Stored entries:
+ + + +

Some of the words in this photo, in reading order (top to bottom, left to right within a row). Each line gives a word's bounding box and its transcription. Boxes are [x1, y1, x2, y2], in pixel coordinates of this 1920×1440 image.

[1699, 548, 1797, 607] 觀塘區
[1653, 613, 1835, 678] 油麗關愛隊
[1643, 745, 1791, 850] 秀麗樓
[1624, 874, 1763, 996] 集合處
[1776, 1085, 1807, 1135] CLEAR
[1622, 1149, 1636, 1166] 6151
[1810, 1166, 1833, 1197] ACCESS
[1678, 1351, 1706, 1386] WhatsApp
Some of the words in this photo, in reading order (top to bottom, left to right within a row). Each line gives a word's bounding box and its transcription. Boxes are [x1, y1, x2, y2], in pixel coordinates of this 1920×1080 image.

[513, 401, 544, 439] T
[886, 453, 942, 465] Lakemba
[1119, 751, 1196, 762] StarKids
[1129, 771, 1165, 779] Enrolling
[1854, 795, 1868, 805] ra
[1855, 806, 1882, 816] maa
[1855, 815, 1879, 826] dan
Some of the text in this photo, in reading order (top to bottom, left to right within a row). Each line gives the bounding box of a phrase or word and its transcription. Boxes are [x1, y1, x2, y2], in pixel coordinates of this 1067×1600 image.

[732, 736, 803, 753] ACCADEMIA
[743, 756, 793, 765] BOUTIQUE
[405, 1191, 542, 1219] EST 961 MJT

+ + + +

TASK BRIEF
Set down exactly what runs from the line with "this 1920×1080 image." to the last line of the data above, including both of those lines and no others.

EXERCISE OUTPUT
Some of the words in this photo, in reading order (top to bottom, left to right within a row). Each line gives a word's bounding box and its transcription. Boxes are [x1, y1, x2, y2], in pixel coordinates of this 1920×1080 image.

[513, 401, 544, 439] T
[886, 453, 942, 465] Lakemba
[1119, 751, 1196, 762] StarKids
[1129, 771, 1165, 779] Enrolling
[1854, 795, 1868, 805] ra
[1855, 806, 1882, 816] maa
[1855, 815, 1879, 826] dan
Some of the text in this photo, in reading order (top to bottom, left to right within a row). Each line gives the bounding box of a phrase or word and its transcription. Boxes are [x1, y1, x2, y2], in pixel coordinates of this 1067×1600 image.

[732, 736, 803, 753] ACCADEMIA
[743, 756, 793, 765] BOUTIQUE
[405, 1191, 542, 1219] EST 961 MJT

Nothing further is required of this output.